I originally wanted to write a long, heartfelt entry on how much he meant to me and the like, but I’m still feeling kind of sore as when I first showed him this layout for the domain, all he noticed was that I chopped half the dark elf’s head off. :S Just focus on the boobies, dammit. Heh.

But anyway, Happy 19th Birthday, my no-longer-little little brother (also known as “Bro” here at the blog), Jacky! :D

In unrelated news, I’ve been slacking so much — online, even — I could almost hear this.

The Boss: You'd better start work on my fansite now, or else!

But of course The Boss won’t actually say anything like that to me; she’s very nice. :heart: </freak show>

We were randomly chatting about our future at the brunch table, when Bro surprised us with a plan I’m not sure whether he wants to share with the world just yet – or at all. ;) Anyhow, Mum made the following comment to me, in regard to what Bro said -ish, afterwards.

You could become an actress;” Awww. “since you’re so good at faking.

Hmph… Now I’m flattered and offended at the same time. But, what?! Faking? I don’t remember ever being fake to her! Grumble, grumble.

Mum, Bro and I watched the final episode of 爭分奪秒 (Split Second) together (Dad would have viewed the programme with the three of us if he hadn’t had to go to a gathering).

Split Second

There was a scene where the guy in the middle pointed a gun point-blank at the head of the guy on his immediate left. The middle guy struggled between whether or not to fire.

“If he shot the guy at this range, his brains would be blown apart and his eyes might pop out.” Mum analysed. “Seriously, his eyes might pop into the shooter’s mouth, too.”

To which we giggled.

“Imagine this scene:” Bro changed into a stern tone. “I’m not going to shoot you because your eyes might pop into my mouth.

And we all burst into laughter.

We’re a sick family. We are.

I dreamt…

In the beginning, a lot of people (including myself) were in a mansion playing a massive zombie-shooting game. The people got tired of shooting the actual zombies, so they decided to pretend to be the zombies and be shot. A few of us refused to do that so we ran away and hid ourselves.

Our group got separated, but one girl kept following me. She hasn’t got a gun (what?) so she was hanging onto me the whole time. I ran everywhere until we got to a kitchen, there she started to cry for no obvious reasons. Annoyed, I told her to shut up in a not-so-nice manner but the ‘zombies’ already heard us.

As the first zombie walked in the room, I darted out and kicked him in the face (I didn’t use my gun?); then I realised that he was a Hong Kong celebrity. I was shocked and looked at the other zombies that wandered into the room. They were in fact all celebrities.

The dream jumped and I was in the same mansion on my own. I was running through glass doors after glass doors but still couldn’t find a way out. I saw a guard and wanted to ask him what this mansion was all about, but before I got to him, I woke up…

On another note, I’m very jealous of my family members.

My father:
He’s got a new car – a damn cool Mercedes-Benz. Now he gets to drive that shiny silver thing to work every day, while I haven’t even learnt how to drive. I’m 18 already, dammit.

My mother:
She’s invited to watch the Hong Kong vs Real Madrid football match free of charge tomorrow, and she gets to sit practically next to the football managers. Ssh, I’m planning to drug her tomorrow so I could disguise as her and go instead.

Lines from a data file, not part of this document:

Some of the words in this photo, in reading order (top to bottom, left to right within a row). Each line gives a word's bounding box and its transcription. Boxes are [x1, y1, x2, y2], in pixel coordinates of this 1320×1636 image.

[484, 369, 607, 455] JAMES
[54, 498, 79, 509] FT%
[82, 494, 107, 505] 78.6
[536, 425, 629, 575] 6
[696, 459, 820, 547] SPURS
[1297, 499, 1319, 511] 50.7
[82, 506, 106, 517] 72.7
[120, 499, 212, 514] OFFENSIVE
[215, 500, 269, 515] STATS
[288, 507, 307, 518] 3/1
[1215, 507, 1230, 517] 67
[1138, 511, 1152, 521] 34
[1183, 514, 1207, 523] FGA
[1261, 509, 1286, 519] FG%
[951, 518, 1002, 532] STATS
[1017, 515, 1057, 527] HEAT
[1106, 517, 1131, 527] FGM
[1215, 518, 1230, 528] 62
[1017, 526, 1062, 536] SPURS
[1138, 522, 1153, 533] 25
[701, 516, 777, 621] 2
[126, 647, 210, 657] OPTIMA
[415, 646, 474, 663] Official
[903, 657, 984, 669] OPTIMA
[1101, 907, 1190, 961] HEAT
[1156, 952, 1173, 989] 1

Last but not least, Jacky my brother:
His public exam (HKCEE, if that makes any sense to you) results are out, and they’re damn good. He’s secured a place in his own damn famous and popular school to read Hong Kong’s damn hard Physics and so.

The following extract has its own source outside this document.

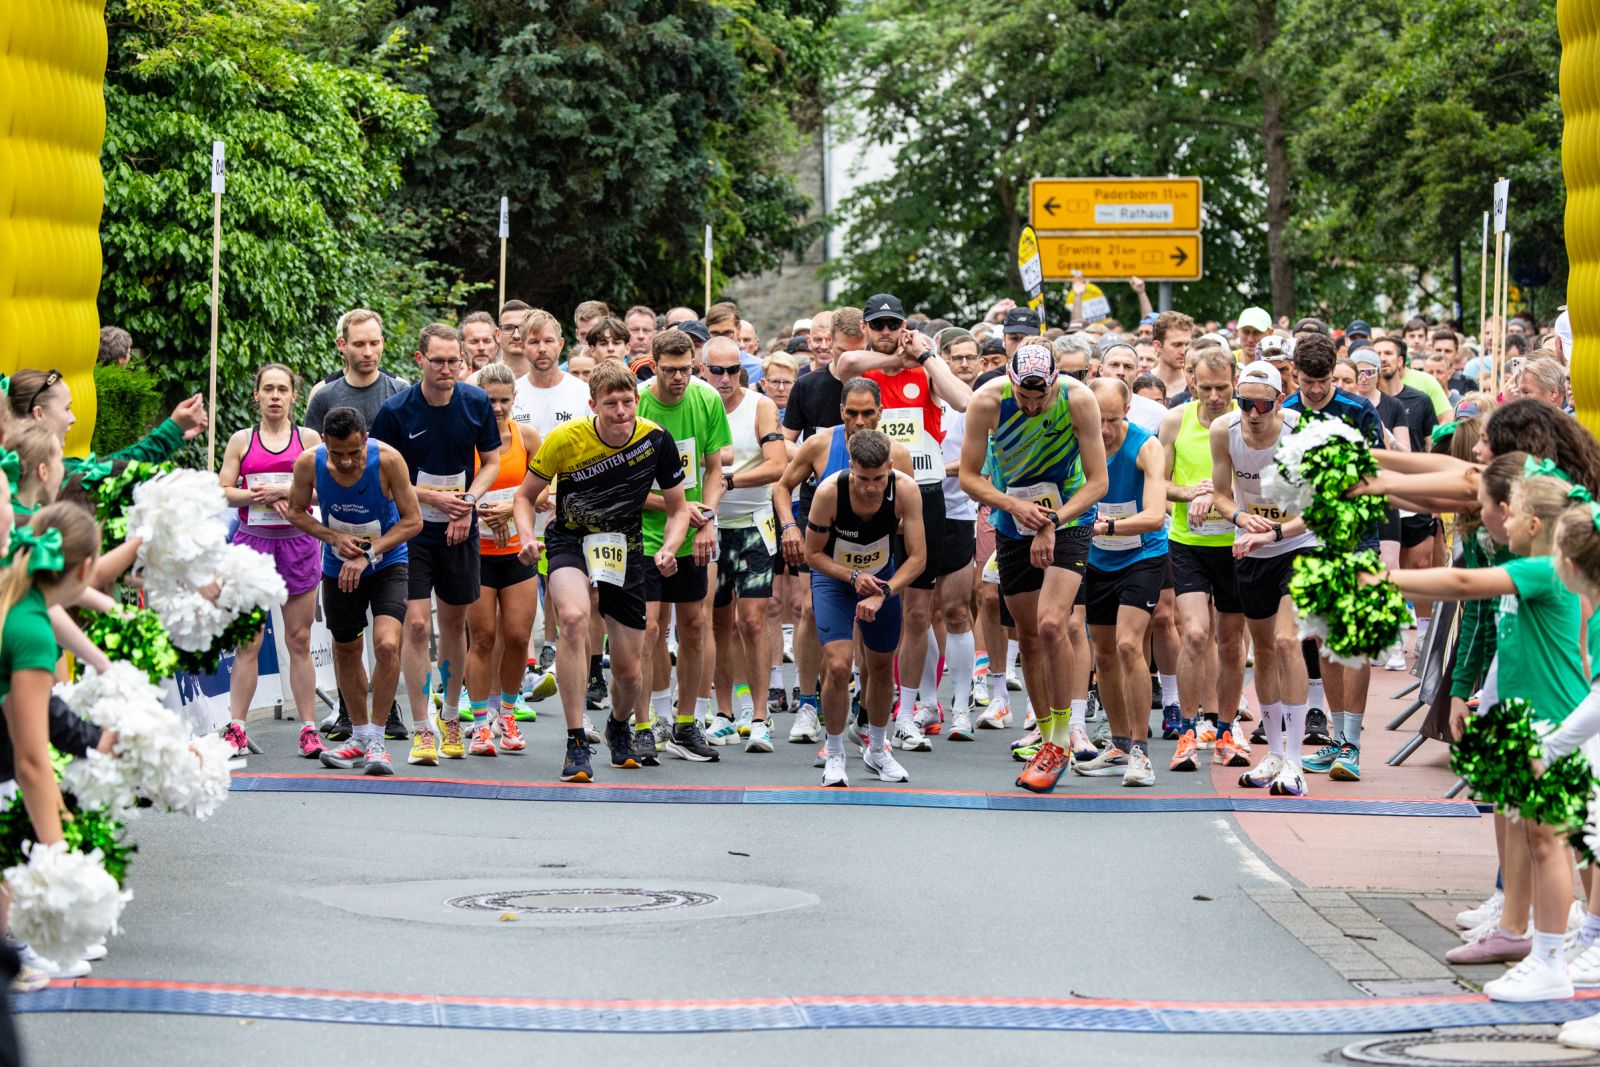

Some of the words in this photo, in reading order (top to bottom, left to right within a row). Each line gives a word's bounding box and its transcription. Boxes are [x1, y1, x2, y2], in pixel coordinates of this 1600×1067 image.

As for myself… pathetic. :|

I have a twin brother. Not really, but he could very well be my twin.

You know how people did experiments on twin telepathy. The twins were separated in soundproof rooms and wired to lie detectors, not knowing what the other was doing. One twin was told to put his hands into near-freezing water; he let out a gasp. At the same time, the other twin’s respiratory rate went up as though he gasped himself.

Now nothing as freaky as that has happened to us. My brother is a year and a half younger than me, and we grew up very much like friends. We’ve never fought physically and have argued only occasionally. We spent a hell lot of time together.

Sometimes we start humming/singing the same song without it being played earlier or talked about. But I’m sure that happens to many people as well.

What about these two?

My brother suddenly decided to clean up his desktop today. He deleted most of the useless shortcut icons that have been there for years – and I mean years. I did the exact thing just one day ago (didn’t tell him, he didn’t check mine).

When I was in England on the phone with him, I started calling “PJ*~ PJ~” and poking it lightly; which was weird because I never really poke cute stuff. My brother asked, “Are you poking it?” (*PJ is my green apple soft toy. ‘Par Junior’, not pyjamas.)

Damn, and to think I believe in science!